Many theologians note by way of comparison that in the Catholic Church, the Assumption is dogmatically defined, while in the Eastern Orthodox tradition, the Dormition is less dogmatically than liturgically and mystically defined. Such differences spring from a larger pattern in the two traditions, wherein Catholic teachings are often dogmatically and authoritatively defined – in part because of the more centralized structure of the Catholic Church – while in Eastern Orthodoxy, many doctrines are less authoritative.
Orthodox tradition is clear and unwavering in regard to the central point [of the Dormition]: the Holy Virgin underwent, as did her Son, a physical death, but her body – like His – was afterwards raised from the dead and she was taken up into heaven, in her body as well as in her soul. She has passed beyond death and judgement, and lives wholly in the Age to Come. The Resurrection of the Body ... has in her case been anticipated and is already an accomplished fact. That does not mean, however, that she is dissociated from the rest of humanity and placed in a wholly different category: for we all hope to share one day in that same glory of the Resurrection of the Body which she enjoys even now. - Assumption vs. Dormition
The revelations of Catherine Emmerich are in complete harmony with both Churches on this and adds nothing new except more details in her narration.
This poses a problem for the Eastern Orthodox who maintain Mary died at Jerusalem.
A narrative known as the Euthymiaca Historia (written probably by Cyril of Scythopolis in the 5th century) relates how the Emperor Marcian and his wife, Pulcheria, requested the relics of the Virgin Mary from Juvenal, the Patriarch of Jerusalem, while he was attending the Council of Chalcedon (451). According to the account, Juvenal replied that, on the third day after her burial, Mary's tomb was discovered to be empty, only her shroud being preserved in the church of Gethsemane. In 452 the shroud was sent to Constantinople, where it was kept in the Church of Our Lady of Blachernae (Panagia Blacherniotissa).4
According to other traditions, it was the Cincture of the Virgin Mary which was left behind in the tomb, or dropped by her during Assumption.
The Armenian Patriarchate Armenian Apostolic Church of Jerusalem and Greek Orthodox Church of Jerusalem are in possession of the shrine. The Syriacs, the Copts, and the Ethiopians have minor rights.

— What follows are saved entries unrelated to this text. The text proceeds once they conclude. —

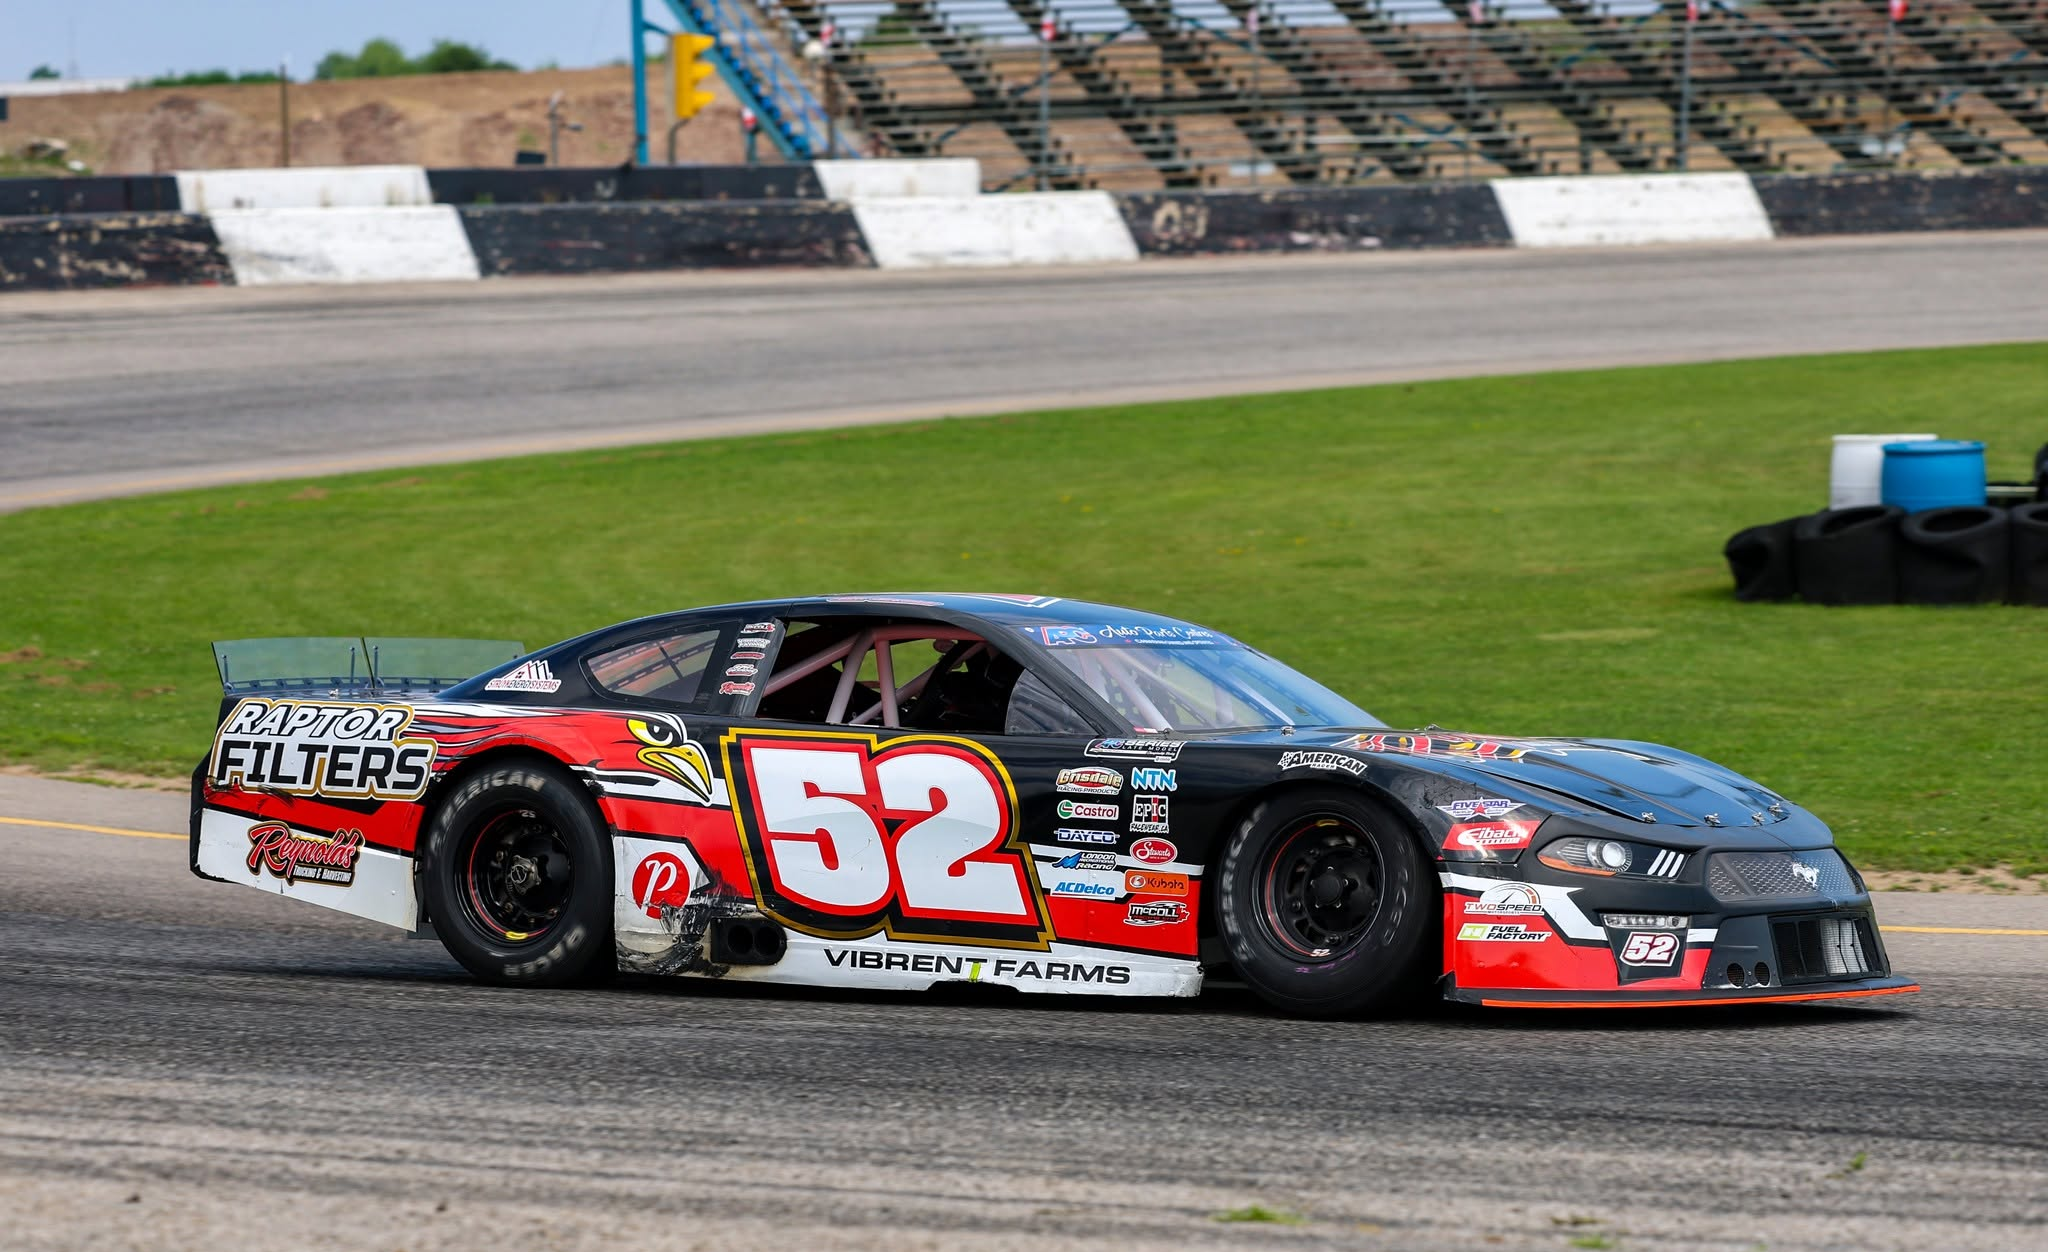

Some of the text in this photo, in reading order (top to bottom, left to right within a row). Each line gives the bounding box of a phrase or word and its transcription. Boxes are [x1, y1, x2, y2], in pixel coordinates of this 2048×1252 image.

[1099, 624, 1139, 638] Auto
[225, 703, 408, 740] RAPTOR
[1124, 739, 1181, 748] SERIES
[218, 740, 430, 790] FILTERS
[1285, 751, 1365, 774] AMERICAN
[1057, 770, 1122, 788] Grisdale
[1133, 768, 1175, 791] NTN
[1083, 787, 1118, 795] PRODUCTS
[1075, 805, 1117, 818] Castrol
[1134, 803, 1166, 817] EPIC
[1453, 800, 1508, 810] FIVE STAR
[744, 741, 1036, 922] 52
[1059, 829, 1115, 843] DAYCO
[249, 825, 358, 877] Reynolds
[1055, 882, 1115, 895] ACDelco
[1147, 877, 1184, 889] Kubota
[1310, 949, 1331, 957] 52
[1623, 933, 1678, 963] 52
[823, 948, 1131, 985] VIBRENT FARMS

A legend, which was first mentioned by Epiphanius of Salamis in the 4th century AD, purported that Mary may have spent the last years of her life in Ephesus. The Ephesians derived it from John's presence in the city, and Jesus’ instructions to John to take care of Mary after his death. Epiphanius, however, pointed out that although the Bible mentions John leaving for Asia, it makes no mention of Mary going with him.5 The Eastern Orthodox Church tradition believes that Virgin Mary lived in the vicinity of Ephesus, where there is a place currently known as the House of the Virgin Mary and venerated by Catholics and Muslims, but argues that she only stayed there for a few years.

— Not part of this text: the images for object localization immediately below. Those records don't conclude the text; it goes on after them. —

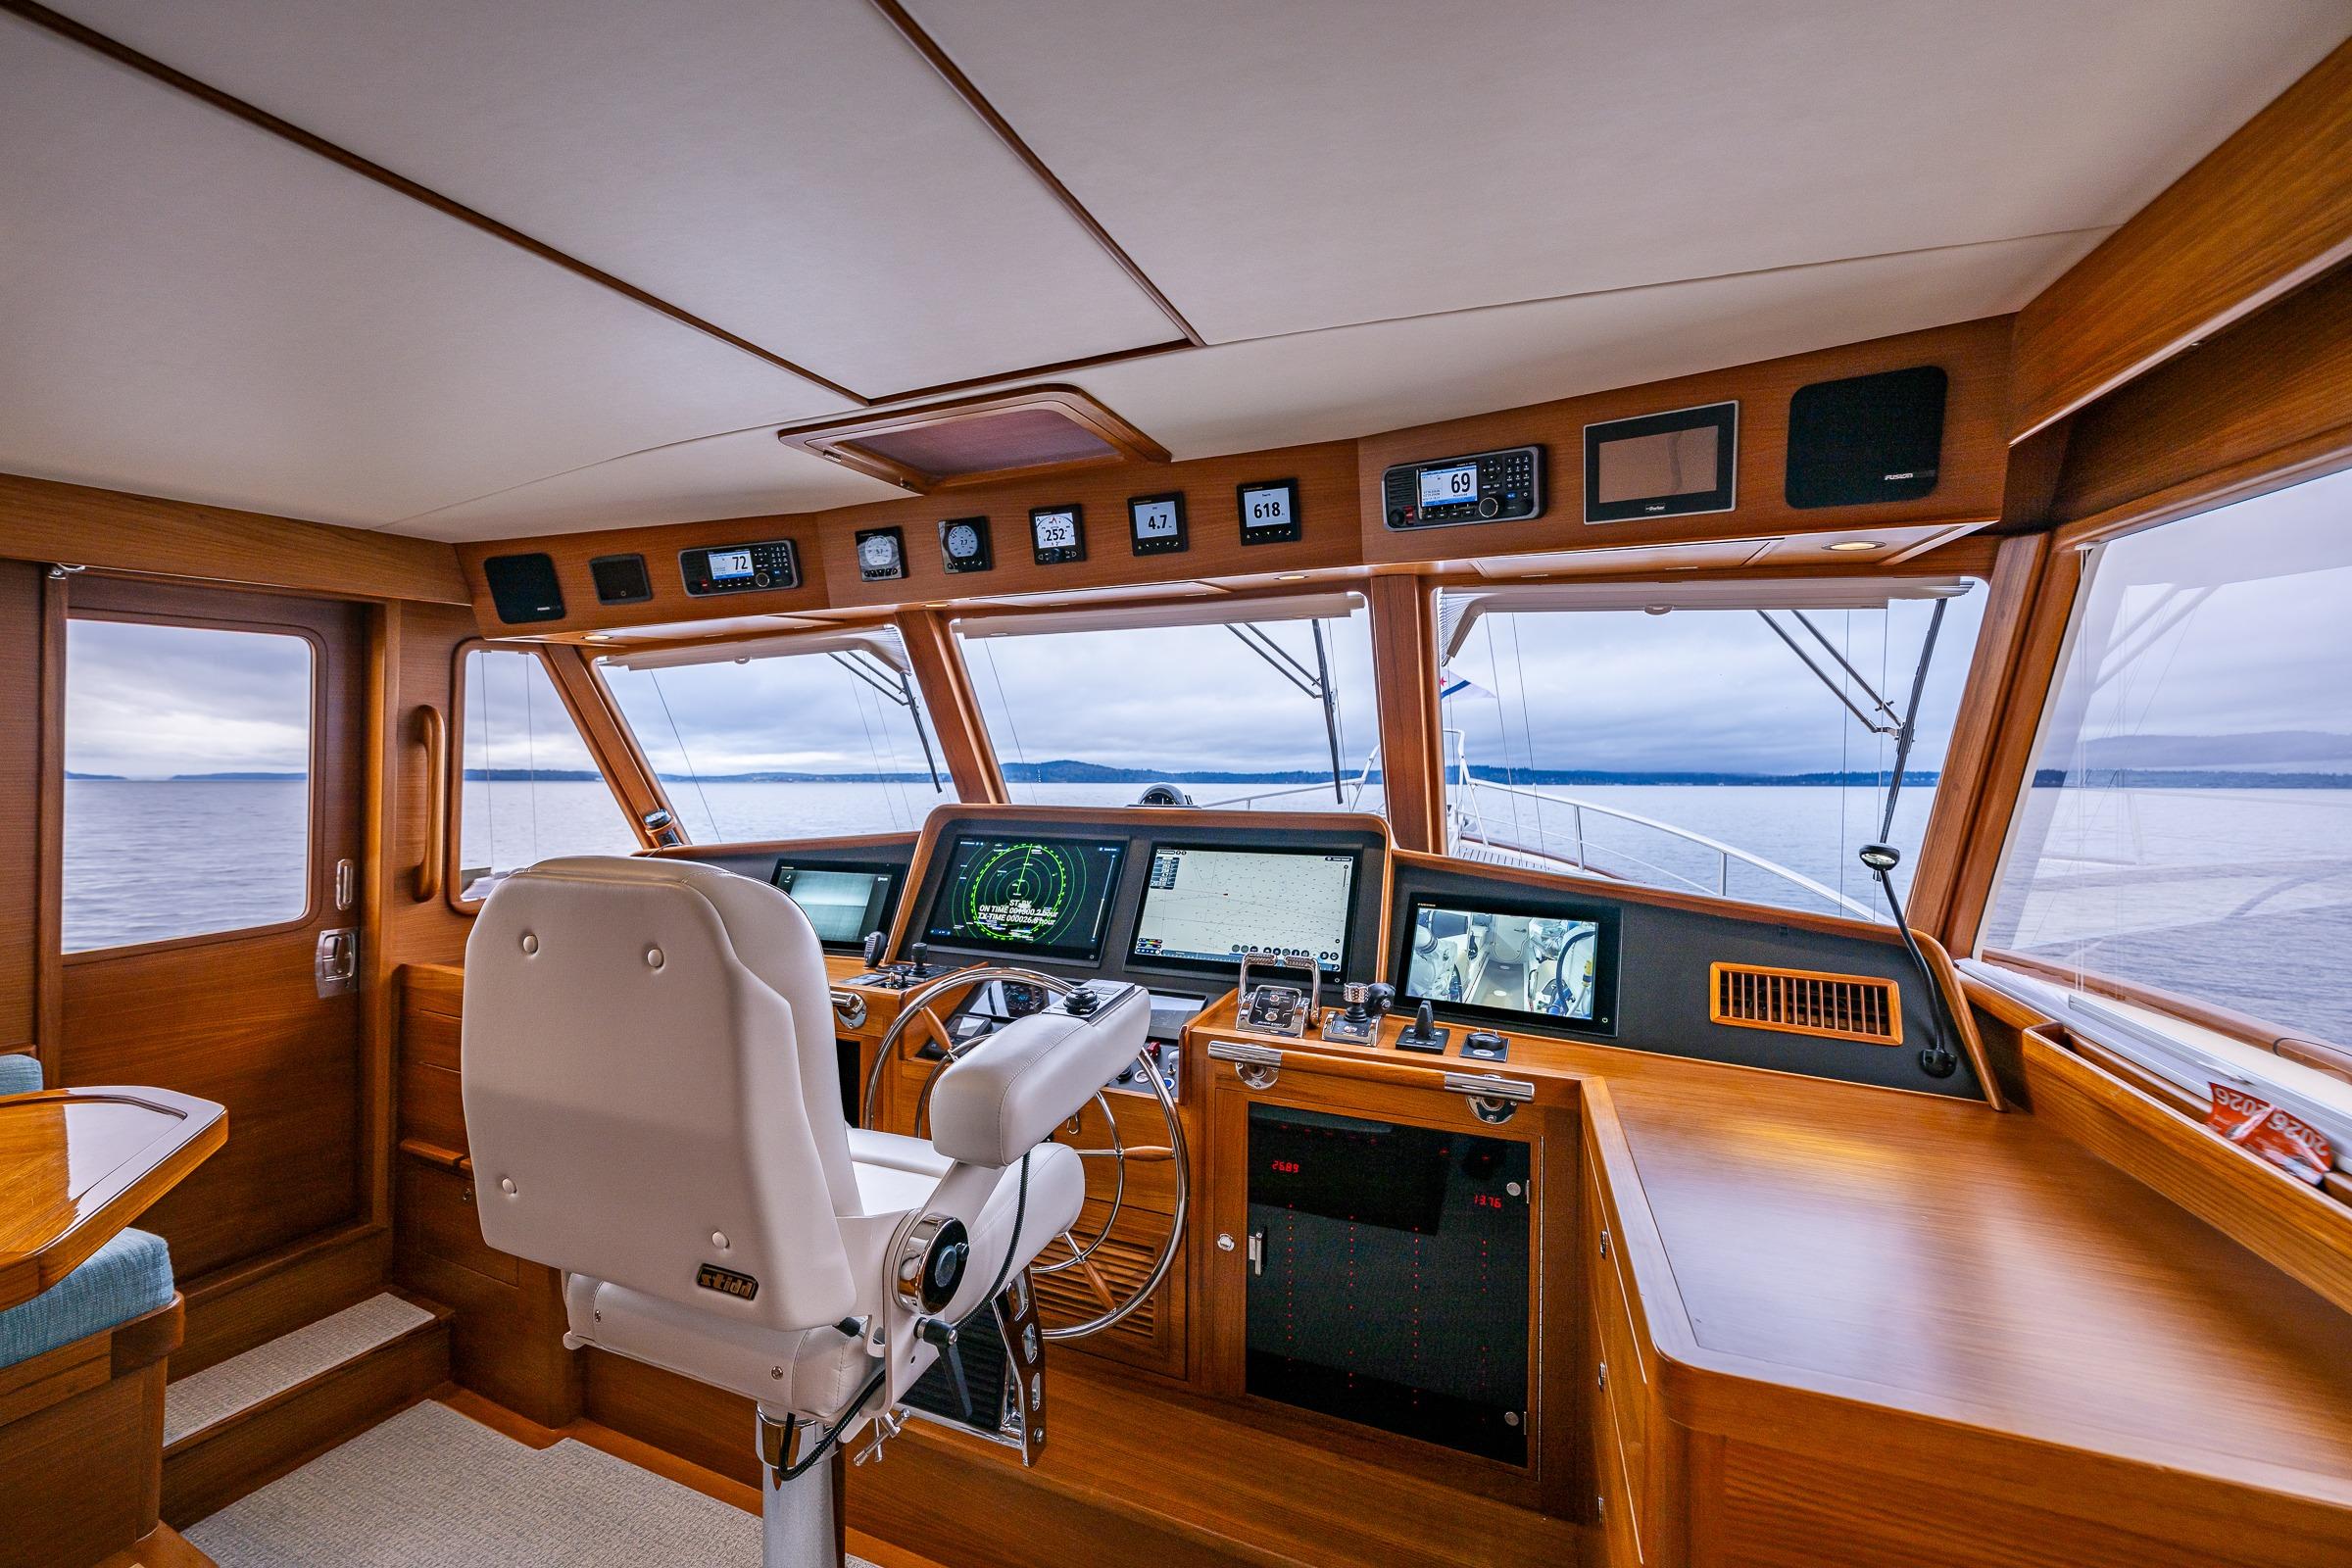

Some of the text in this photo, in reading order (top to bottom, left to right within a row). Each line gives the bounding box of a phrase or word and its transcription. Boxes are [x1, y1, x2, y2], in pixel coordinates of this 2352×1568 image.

[1450, 472, 1471, 494] 69
[1253, 502, 1281, 519] 618
[1148, 514, 1168, 530] 4.7
[732, 555, 749, 570] 72
[988, 912, 1006, 922] TIME
[991, 905, 1009, 914] TIME

The pilgrim Antoninus of Piacenza, writing of travels in 560-570 CE, mentions in that valley was "the basilica of the Blessed Mary, which they say was her house; in which is shown a sepulchre, from which they say that the Blessed Mary was taken up into heaven." Later, Saints Epiphanius of Salamis, Gregory of Tours, Isidore of Seville, Modest, Sophronius of Jerusalem, German of Constantinople, Andrew of Crete, and John of Damascus talk about the tomb being in Jerusalem, and bear witness that this tradition was accepted by all the Churches of Easbt and West. - Tomb of the Virgin Mary
Twelfth-century façade of Mary's Tomb at Jerusalem
In 1881, while using the revelations as described in the book by Brentano based on his conversations with Emmerich, a French priest, Fr. Julien Gouyet discovered the house of Mary at Ephesus.
Discovery in Turkey
On October 18, 1881, relying on the descriptions in the book by Brentano based on his conversations with Emmerich, a French priest, the Abbé Julien Gouyet discovered a small stone building on a mountain overlooking the Aegean Sea and the ruins of ancient Ephesus in Turkey. He believed it was the house described by Emmerich and where the Virgin Mary had lived the final years of her life.

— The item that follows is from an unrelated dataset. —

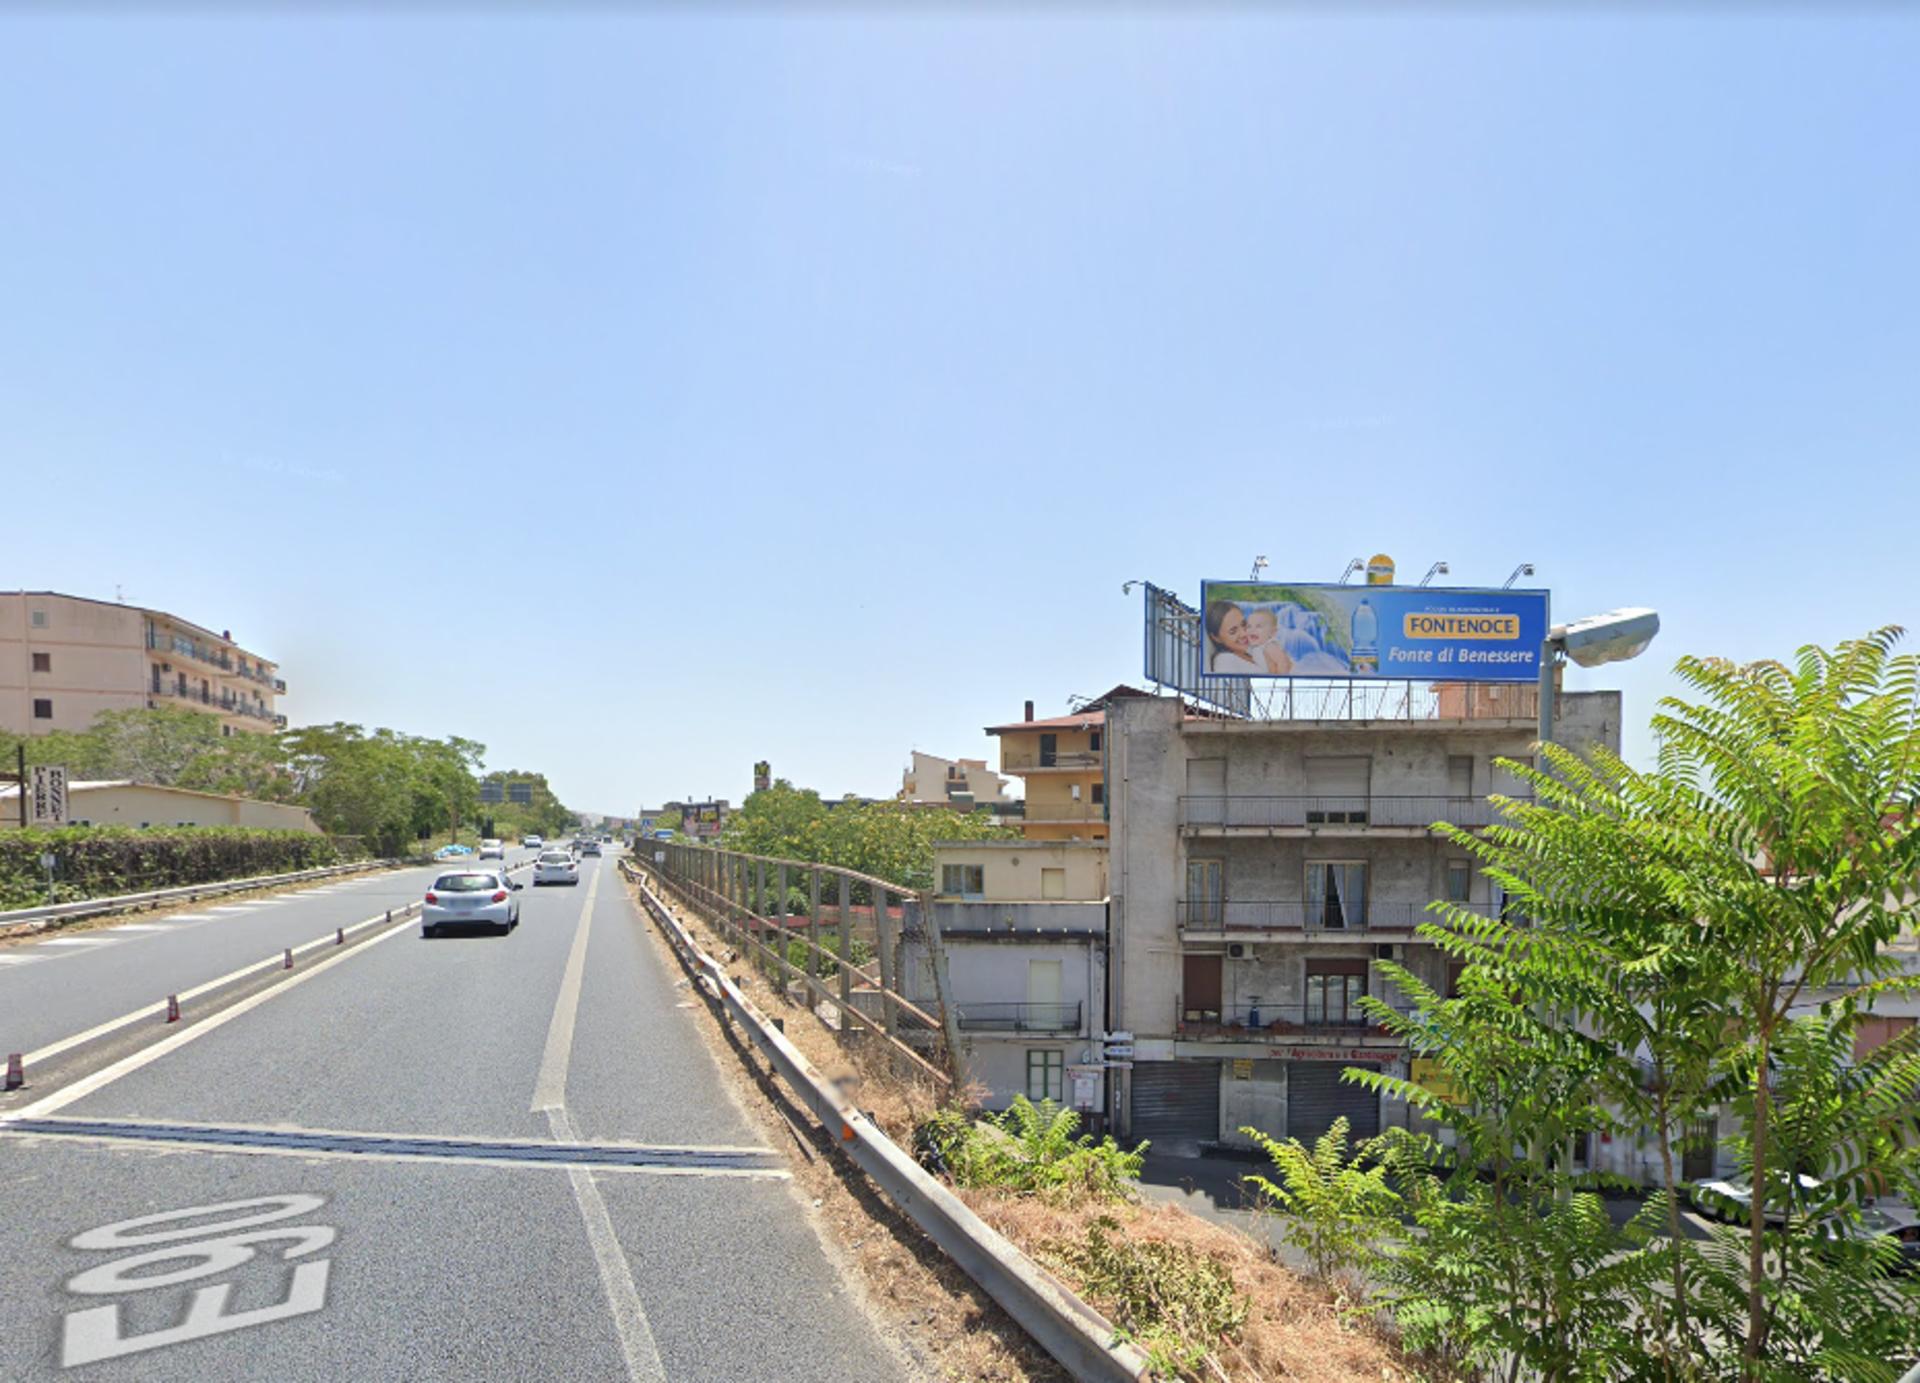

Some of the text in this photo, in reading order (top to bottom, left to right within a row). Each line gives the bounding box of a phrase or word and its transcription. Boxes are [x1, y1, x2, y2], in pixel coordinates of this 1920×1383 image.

Abbé Gouyet's discovery was not taken seriously by most people, but ten years later, urged by Sister Marie de Mandat-Grancey, DC, two Lazarist missionaries, Father Poulin and Father Jung, from Smyrna rediscovered the building on July 29, 1891, using the same source for a guide. They learned that the four-walled, roofless ruin had been venerated for a long time by members of the mountain village of Şirince, 17 km distant, who were descended from the early Christians of Ephesus. The house is called Panaya Kapulu ("Doorway to the Virgin"). Every year pilgrims made a pilgrimage to the site on August 15, the date on which most of the Christian world celebrated Mary's Dormition/Assumption.
Sister Marie de Mandat-Grancey was named Foundress of Mary's House by the Catholic Church and was responsible for acquiring, restoring and preserving Mary's House and surrounding areas of the mountain from 1891 until her death in 1915. The discovery revived and strengthened a Christian tradition dating from the 12th century, 'the tradition of Ephesus', which has competed with the older 'Jerusalem tradition' about the place of the Blessed Virgin's dormition. Due to the actions of Pope Leo XIII in 1896 and Pope John XXIII in 1961, the Catholic Church first removed plenary indulgences from the Church of the Dormition in Jerusalem and then bestowed them for all time to pilgrims to Mary's House in Ephesus.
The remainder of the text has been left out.